— Assigned task —
Your task is to output, without alteration, each line from the one containing "this 2212×1659 image." through the final line of the records below.
::: Entries supplied :::
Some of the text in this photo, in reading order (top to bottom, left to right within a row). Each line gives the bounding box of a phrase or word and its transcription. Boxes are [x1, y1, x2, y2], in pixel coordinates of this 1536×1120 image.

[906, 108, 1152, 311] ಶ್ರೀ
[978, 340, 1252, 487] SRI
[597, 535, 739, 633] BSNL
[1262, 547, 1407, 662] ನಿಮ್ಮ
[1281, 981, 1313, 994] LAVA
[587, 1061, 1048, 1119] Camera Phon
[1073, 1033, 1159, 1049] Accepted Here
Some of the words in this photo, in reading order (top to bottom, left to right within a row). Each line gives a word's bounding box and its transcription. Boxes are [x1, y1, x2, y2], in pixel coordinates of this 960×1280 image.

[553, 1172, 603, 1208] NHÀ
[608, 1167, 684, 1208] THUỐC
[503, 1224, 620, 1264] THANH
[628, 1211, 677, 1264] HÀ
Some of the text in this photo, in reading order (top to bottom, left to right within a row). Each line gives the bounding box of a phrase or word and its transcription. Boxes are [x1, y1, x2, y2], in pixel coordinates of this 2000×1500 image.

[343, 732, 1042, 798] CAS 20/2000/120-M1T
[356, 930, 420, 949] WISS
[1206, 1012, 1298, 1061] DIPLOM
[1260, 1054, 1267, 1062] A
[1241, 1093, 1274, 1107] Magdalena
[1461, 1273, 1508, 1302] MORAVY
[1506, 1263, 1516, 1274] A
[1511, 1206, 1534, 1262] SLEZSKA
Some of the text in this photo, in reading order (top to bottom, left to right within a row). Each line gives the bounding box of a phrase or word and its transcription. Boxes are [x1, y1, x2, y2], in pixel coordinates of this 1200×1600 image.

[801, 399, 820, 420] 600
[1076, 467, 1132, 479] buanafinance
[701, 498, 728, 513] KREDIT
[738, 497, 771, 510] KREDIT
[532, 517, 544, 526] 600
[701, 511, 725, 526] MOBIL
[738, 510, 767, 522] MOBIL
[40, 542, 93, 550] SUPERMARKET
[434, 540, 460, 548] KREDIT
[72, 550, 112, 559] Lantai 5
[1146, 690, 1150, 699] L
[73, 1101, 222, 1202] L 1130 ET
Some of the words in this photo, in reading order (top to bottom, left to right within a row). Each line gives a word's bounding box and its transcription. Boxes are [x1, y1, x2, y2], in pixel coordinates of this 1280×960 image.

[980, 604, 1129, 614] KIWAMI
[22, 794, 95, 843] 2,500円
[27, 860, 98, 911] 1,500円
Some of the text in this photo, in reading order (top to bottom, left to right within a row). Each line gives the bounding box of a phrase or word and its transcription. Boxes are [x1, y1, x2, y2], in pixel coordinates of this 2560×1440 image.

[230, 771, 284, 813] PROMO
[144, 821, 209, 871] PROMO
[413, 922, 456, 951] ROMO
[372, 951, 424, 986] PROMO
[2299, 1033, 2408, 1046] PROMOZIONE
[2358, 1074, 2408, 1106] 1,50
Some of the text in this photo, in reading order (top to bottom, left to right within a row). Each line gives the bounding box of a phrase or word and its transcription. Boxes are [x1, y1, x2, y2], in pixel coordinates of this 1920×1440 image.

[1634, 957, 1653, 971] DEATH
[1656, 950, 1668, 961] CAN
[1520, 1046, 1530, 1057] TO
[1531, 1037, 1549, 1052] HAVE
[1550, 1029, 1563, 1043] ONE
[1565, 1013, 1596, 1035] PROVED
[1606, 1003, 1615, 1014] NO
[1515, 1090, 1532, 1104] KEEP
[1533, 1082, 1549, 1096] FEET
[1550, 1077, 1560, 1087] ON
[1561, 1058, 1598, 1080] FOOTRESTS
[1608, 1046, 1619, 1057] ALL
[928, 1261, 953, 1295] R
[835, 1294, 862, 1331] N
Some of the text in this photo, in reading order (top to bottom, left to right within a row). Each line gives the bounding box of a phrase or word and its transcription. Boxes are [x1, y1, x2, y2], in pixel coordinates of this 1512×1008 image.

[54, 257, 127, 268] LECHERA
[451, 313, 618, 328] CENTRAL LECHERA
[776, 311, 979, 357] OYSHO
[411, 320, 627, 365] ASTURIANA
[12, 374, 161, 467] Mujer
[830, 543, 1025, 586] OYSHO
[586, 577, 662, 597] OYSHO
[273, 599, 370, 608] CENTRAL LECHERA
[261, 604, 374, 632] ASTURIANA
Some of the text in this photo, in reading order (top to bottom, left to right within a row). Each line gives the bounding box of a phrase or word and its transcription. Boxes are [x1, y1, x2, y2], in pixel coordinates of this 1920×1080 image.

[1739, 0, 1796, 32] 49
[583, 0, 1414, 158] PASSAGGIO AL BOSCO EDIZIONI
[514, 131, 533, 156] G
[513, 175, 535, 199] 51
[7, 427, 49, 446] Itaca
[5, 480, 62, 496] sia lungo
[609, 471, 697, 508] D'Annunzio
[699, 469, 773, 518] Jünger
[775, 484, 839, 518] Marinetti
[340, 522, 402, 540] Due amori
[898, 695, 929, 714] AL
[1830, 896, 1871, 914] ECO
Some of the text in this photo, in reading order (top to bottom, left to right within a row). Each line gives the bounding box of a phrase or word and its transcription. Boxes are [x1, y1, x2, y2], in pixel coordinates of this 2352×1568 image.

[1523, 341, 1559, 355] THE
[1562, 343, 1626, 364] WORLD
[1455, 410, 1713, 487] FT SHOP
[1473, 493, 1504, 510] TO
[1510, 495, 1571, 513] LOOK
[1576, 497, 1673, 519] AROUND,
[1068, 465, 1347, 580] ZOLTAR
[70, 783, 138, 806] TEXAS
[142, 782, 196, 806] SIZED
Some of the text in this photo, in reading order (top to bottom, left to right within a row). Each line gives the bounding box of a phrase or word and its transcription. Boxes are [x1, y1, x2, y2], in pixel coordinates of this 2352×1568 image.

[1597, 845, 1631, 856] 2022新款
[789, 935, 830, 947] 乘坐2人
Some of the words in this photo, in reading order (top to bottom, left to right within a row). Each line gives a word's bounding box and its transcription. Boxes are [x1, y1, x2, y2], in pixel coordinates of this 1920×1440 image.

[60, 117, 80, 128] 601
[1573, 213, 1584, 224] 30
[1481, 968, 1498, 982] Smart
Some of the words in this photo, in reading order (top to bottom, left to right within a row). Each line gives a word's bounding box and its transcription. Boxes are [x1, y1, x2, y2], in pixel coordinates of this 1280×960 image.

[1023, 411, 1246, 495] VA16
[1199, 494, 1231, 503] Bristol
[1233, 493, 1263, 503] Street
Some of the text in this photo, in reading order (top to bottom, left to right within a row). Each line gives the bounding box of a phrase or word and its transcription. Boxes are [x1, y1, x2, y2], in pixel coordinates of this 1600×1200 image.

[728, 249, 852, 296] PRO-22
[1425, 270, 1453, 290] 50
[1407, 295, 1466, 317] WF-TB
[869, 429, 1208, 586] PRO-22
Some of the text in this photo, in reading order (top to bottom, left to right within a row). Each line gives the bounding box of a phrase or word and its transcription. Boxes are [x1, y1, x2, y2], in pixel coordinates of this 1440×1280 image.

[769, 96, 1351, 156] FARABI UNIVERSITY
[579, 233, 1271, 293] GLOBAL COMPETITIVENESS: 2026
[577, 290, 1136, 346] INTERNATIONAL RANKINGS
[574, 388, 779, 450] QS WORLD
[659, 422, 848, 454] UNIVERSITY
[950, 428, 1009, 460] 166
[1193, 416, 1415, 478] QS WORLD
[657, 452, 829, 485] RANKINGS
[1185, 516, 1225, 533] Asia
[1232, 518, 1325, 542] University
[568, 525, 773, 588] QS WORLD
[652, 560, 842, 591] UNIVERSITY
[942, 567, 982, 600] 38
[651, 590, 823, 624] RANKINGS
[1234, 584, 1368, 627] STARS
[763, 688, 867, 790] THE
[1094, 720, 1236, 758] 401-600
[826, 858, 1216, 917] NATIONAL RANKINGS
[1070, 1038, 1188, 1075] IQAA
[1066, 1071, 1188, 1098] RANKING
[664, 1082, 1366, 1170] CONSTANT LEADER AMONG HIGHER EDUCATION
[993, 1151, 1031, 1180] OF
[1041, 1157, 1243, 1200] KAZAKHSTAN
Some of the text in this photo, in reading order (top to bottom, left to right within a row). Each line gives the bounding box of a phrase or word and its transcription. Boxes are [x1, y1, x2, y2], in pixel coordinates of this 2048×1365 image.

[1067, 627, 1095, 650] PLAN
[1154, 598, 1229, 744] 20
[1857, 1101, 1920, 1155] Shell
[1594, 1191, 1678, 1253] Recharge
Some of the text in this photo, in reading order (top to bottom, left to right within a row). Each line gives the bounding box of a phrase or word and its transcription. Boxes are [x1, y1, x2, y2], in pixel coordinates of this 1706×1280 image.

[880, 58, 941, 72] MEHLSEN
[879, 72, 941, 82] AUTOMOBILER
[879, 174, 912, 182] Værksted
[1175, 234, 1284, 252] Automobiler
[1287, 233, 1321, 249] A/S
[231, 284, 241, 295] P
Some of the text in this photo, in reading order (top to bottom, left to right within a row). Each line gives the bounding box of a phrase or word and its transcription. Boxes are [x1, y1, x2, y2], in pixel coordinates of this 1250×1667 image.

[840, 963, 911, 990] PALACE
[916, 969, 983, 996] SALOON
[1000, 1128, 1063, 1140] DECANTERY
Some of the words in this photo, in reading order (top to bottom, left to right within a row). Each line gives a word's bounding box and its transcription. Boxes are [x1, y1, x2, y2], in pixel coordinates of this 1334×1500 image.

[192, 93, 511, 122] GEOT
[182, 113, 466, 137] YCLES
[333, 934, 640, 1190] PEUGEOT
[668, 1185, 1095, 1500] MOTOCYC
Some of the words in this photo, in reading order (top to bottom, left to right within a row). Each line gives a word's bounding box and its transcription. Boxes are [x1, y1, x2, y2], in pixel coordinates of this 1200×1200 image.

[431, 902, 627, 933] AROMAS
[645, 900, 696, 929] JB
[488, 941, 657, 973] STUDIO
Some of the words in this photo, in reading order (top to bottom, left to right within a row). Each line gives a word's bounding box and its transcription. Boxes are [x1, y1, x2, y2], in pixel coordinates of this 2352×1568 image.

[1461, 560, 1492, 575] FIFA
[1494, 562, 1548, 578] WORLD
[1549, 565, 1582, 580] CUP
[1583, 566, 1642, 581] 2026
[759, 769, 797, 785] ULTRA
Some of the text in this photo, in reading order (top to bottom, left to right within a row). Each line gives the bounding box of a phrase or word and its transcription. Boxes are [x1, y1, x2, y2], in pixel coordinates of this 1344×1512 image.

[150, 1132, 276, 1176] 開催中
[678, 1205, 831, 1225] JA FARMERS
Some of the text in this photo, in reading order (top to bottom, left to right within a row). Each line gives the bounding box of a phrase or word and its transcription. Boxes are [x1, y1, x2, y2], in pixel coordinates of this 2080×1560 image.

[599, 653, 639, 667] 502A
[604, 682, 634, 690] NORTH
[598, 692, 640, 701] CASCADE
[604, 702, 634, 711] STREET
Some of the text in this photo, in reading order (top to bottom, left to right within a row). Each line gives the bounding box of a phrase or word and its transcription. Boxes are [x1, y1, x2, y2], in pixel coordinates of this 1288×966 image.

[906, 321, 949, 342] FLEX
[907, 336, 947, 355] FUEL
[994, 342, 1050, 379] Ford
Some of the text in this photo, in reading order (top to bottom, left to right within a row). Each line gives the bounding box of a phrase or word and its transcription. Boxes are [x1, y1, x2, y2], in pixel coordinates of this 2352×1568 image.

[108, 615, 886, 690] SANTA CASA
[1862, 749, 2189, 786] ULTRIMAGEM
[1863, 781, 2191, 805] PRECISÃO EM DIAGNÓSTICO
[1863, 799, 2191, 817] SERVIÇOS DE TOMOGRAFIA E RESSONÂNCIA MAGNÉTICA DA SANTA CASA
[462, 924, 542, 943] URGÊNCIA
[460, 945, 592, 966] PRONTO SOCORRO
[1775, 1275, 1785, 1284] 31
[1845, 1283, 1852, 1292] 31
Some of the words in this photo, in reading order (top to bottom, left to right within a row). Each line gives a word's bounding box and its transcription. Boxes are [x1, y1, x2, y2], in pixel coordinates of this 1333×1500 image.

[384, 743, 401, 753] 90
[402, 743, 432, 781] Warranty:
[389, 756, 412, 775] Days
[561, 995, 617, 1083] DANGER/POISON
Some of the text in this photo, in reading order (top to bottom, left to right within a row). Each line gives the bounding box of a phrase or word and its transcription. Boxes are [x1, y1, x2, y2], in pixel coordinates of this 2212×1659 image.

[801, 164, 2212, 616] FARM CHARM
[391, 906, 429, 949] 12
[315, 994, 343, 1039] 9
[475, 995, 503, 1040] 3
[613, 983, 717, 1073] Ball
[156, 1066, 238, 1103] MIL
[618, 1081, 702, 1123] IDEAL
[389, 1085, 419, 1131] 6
:::
— Solution to this problem —
Some of the text in this photo, in reading order (top to bottom, left to right within a row). Each line gives the bounding box of a phrase or word and its transcription. Boxes are [x1, y1, x2, y2], in pixel coordinates of this 2212×1659 image.

[801, 164, 2212, 616] FARM CHARM
[391, 906, 429, 949] 12
[315, 994, 343, 1039] 9
[475, 995, 503, 1040] 3
[613, 983, 717, 1073] Ball
[156, 1066, 238, 1103] MIL
[618, 1081, 702, 1123] IDEAL
[389, 1085, 419, 1131] 6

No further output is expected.